MORAY Henri, Joseph [dit Jean de l’Ourthe] [Dictionnaire des anarchistes]

Par Henri Manceau, Rolf Dupuy, Dominique Petit

Né le 24 mars 1867 à Spa (Belgique) ; ferronnier, plâtrier puis journaliste ; militant libertaire dans les Ardennes françaises et belges.

Henri Moray
Henri Moray

Fils de Mathieu Moray (1829-1900), employé des chemins de fer, et de Marie-Thérèse Englebert (1836-1921), Henri Moray avait une sœur, Marie-Thérèse. Il fréquentait régulièrement la bibliothèque de Charleville (Ardennes), « s’occupant de littérature », cette expérience d’autodidacte, lui sera utile afin d’élaborer, plus tard, une méthodologie pour organiser des bibliothèques au service du peuple.
En novembre 1887, il était secrétaire de la commission d’organisation des bals de solidarité à la salle de la Manufacture à Charleville, en faveur des grévistes de Vivier-au-Court (Ardennes).
Le 8 janvier 1888, il fut nommé secrétaire de la commission de propagande de la Fédération socialiste des Ardennes. À ce titre les billets pour le banquet de l’Étincelle, vendus 2 francs, à l’occasion de l’anniversaire du 18 mars, pouvaient être retirés chez lui, 53 route nationale.
Le 26 avril 1888, il fit une conférence à Monthermé avec Jean-Baptiste Clément, à l’invitation de la chambre syndicale, pour les élections municipales du 6 mai.
En juin 1888, il participait à l’organisation d’une soirée de solidarité avec les grévistes des ardoisières de Rimogne.
En août 1888, Moray était à Rimogne, pour un meeting électoral, ce qui lui valut des reproches d’un groupe d’ouvriers républicains socialistes qui estimaient que ce n’était pas à un belge de venir leur donner des conseils sur ce sujet, puisqu’il ne pouvait pas voter.
Lors de la réunion de la fédération socialiste le 4 novembre 1888, le secrétaire fit la lecture d’une lettre de L. Besse de la Ligue des jeunes travailleurs socialistes de Paris demandant une allocation pour continuer ses conférences, avec Moray, dans les Ardennes. La proposition fut refusée par manque d’argent et Besse continua seul ses réunions.
La même année, il participa à Sedan à la rédaction du journal La Révolution dont le gérant était Achille Baicry ; il y rédigea des articles sur les questions générales du socialisme et diffusa le journal à son domicile.
Un entrefilet paru dans La Révolte du 8 août 1891, montrait qu’il se rapprochait des anarchistes : « Moray à Charleville. Envoyez-nous le montant des numéros que vous désirez ».
Il adhéra au groupe anarchiste "Les Sans-Patrie" créé à Charleville le 18 octobre 1891.

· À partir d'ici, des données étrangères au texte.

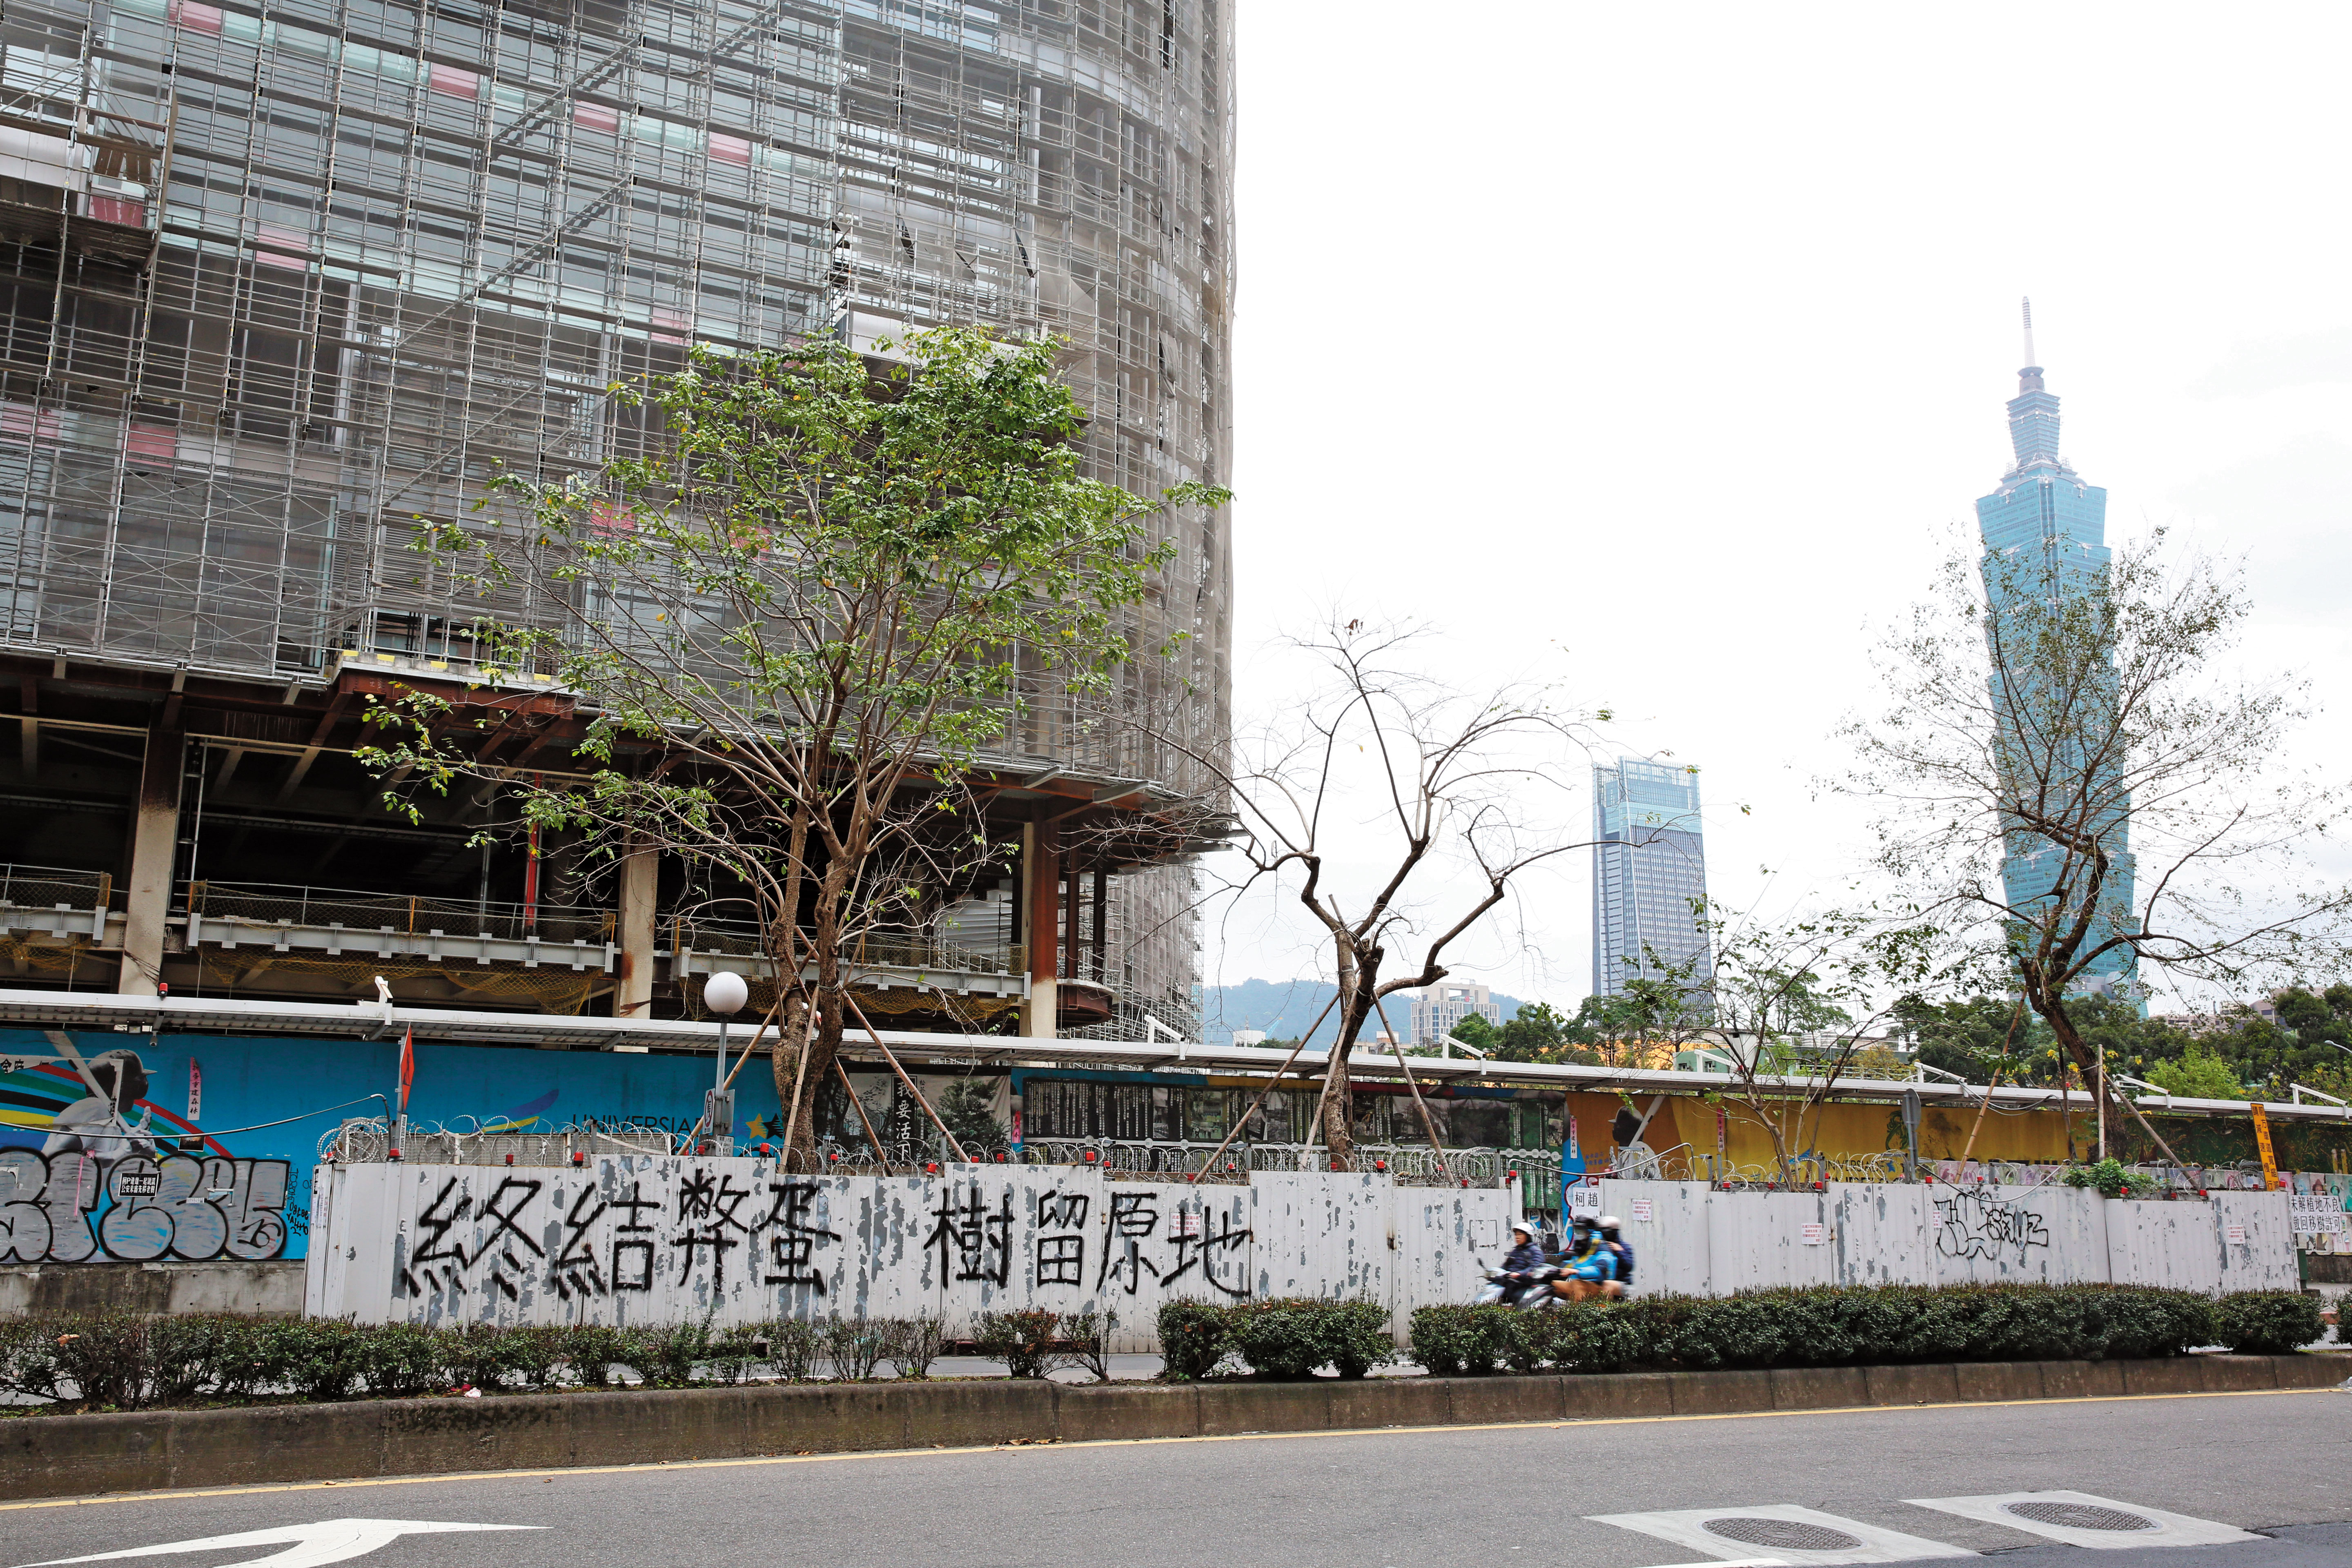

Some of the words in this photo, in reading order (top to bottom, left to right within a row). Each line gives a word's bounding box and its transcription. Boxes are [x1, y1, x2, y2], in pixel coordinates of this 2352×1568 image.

[572, 1114, 705, 1137] UNIVERSIA
[2291, 1196, 2339, 1212] 未解植地不良
[924, 1187, 1252, 1297] 樹留原地

Le 20 février 1892, une perquisition fut opérée au domicile de trois membres du groupe. Le commissaire de police saisit chez Moray deux lettres d’Arthur Loriette (écrit parfois Lorriette), le compagnon de sa sœur, soldat au 132e de ligne, en garnison à Reims. Dans ces lettres, Loriette critiquait le colonel de son régiment. Ces lettres furent remises au colonel qui fit convoquer Loriette pour le réprimander. Celui-ci s’affola et prit la décision de déserter. Il écrivit à Moray en ce sens.

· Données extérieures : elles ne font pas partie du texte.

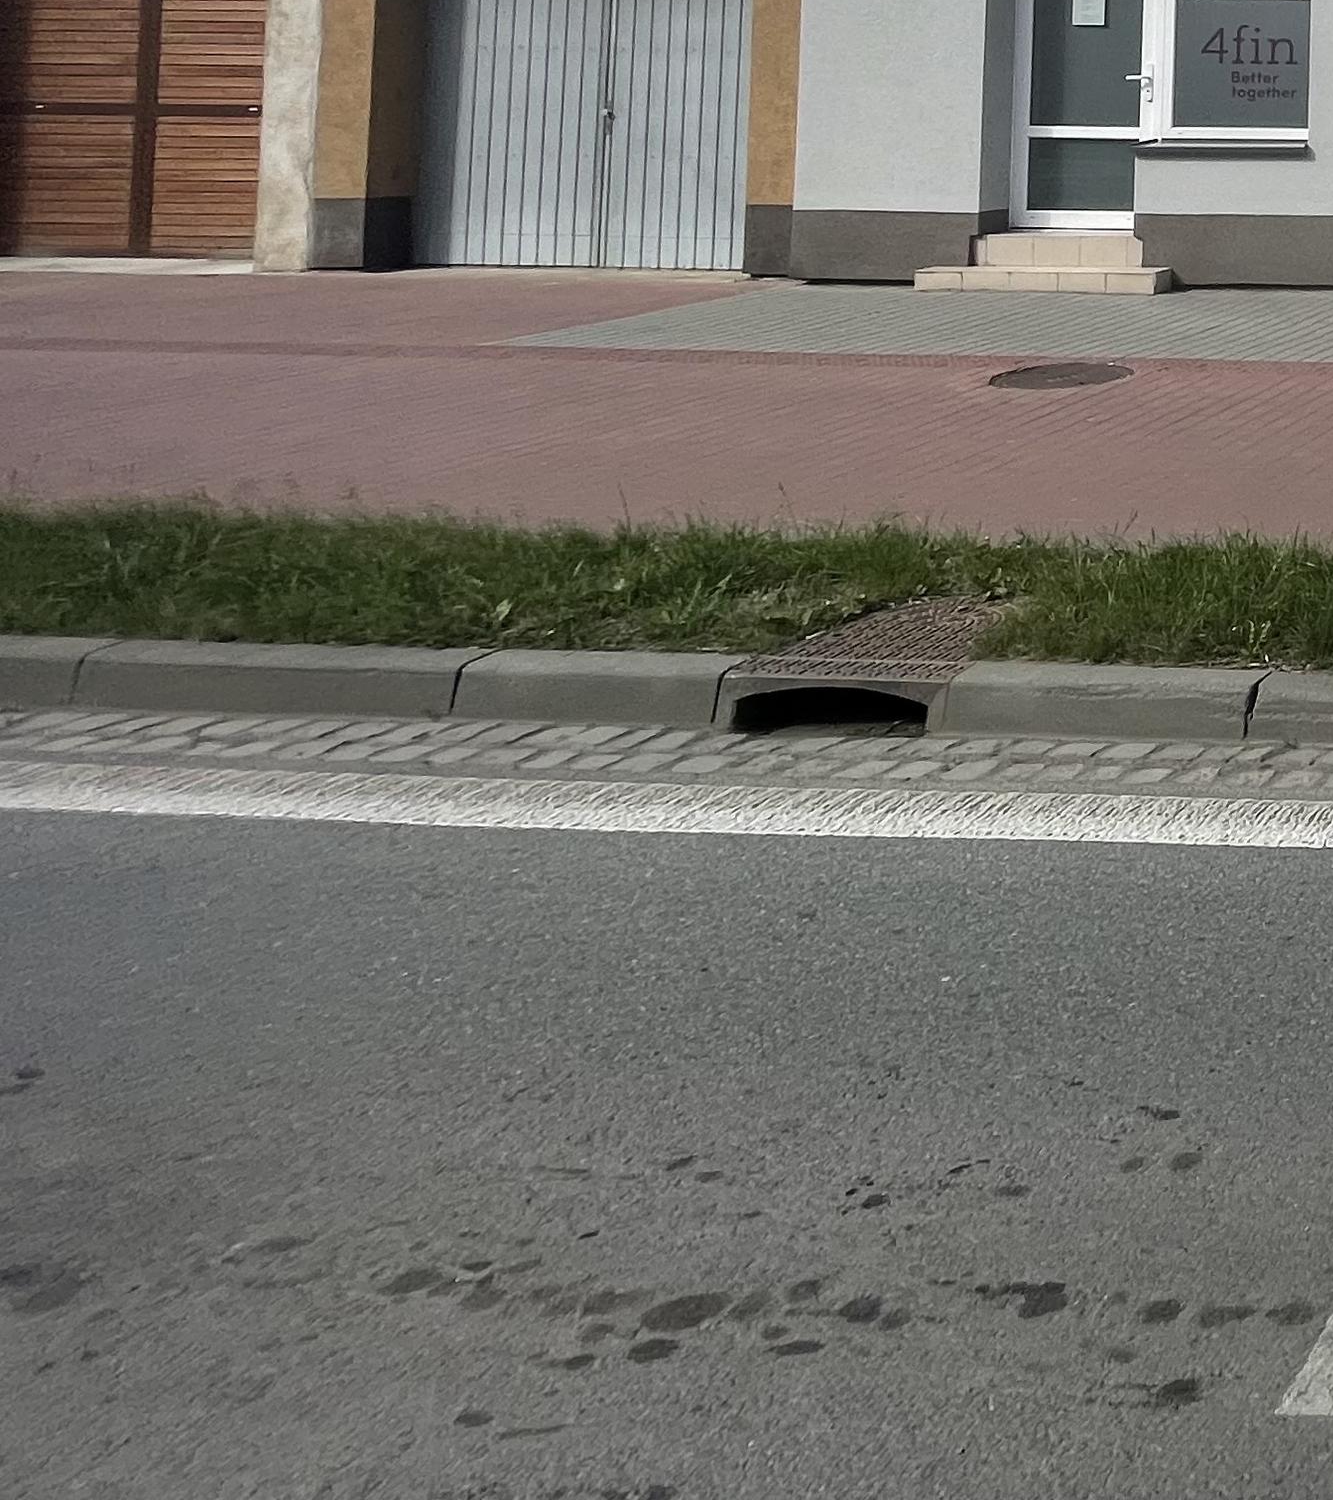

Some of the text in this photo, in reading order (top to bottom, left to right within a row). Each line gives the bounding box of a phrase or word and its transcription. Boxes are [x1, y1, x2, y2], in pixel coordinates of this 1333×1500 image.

[1200, 24, 1298, 66] 4fin
[1231, 70, 1279, 84] Better
[1231, 86, 1298, 102] together

Le 13 mars les anarchistes de Charleville se réunirent, il fut décidé d’aider Arthur Loriette à déserter. Le 14 mars, Moray écrivit, en ce sens, au compagnon Leroux de Reims. Paulin Mailfait était chargé par le groupe d’aller porter cette lettre à Leroux, un compagnon de Reims qui consentait à favoriser la désertion. Le 16 mars, Loriette se rendit chez Leroux qui lui remit des vêtements civils puis il déserta, se rendit à Charleville où il fut arrêté et fit des aveux complets.
Moray s’enfuyait alors en Belgique en compagnie de Paulin Mailfait. Tous deux trouvèrent de l’ouvrage dans une chaudronnerie de Flémalle-Haute où ils arrivèrent le 23 mars 1892. Ils logeaient dans un cabaret où se réunissaient les anarchistes. Le tribunal correctionnel de Charleville le condamna le 30 mars, par défaut, à 3 ans de prison, pour l’affaire de désertion.

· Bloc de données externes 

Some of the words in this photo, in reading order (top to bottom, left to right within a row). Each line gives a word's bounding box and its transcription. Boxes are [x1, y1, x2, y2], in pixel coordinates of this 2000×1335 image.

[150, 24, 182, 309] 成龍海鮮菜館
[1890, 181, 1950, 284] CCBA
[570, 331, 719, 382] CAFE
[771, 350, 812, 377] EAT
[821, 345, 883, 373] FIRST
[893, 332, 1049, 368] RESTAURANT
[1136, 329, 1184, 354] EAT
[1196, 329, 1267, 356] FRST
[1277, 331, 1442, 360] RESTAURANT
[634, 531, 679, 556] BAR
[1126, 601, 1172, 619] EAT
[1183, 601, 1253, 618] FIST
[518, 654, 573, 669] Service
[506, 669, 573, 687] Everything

En Belgique, Moray prit la parole dans une réunion publique, il fut arrêté par la police belge à la suite des attentats de Liège, puis relâché. La police belge l’avait pris pour Mathieu, le complice de Ravachol.
Le 11 avril, le juge d’instruction de Charleville rendit une ordonnance de non-lieu à propos d’une affaire d’outrage au commissaire de police et d’association illicite, dans laquelle Moray était inculpé. Au cours de l’instruction, la police découvrit chez Moray, une lettre de Bourguer de Reims datée du 19 février 1892, dans laquelle l’anarchiste rémois expliquait qu’il venait d’être condamné à un an de prison par défaut et qu’il allait s’enfuir en Belgique.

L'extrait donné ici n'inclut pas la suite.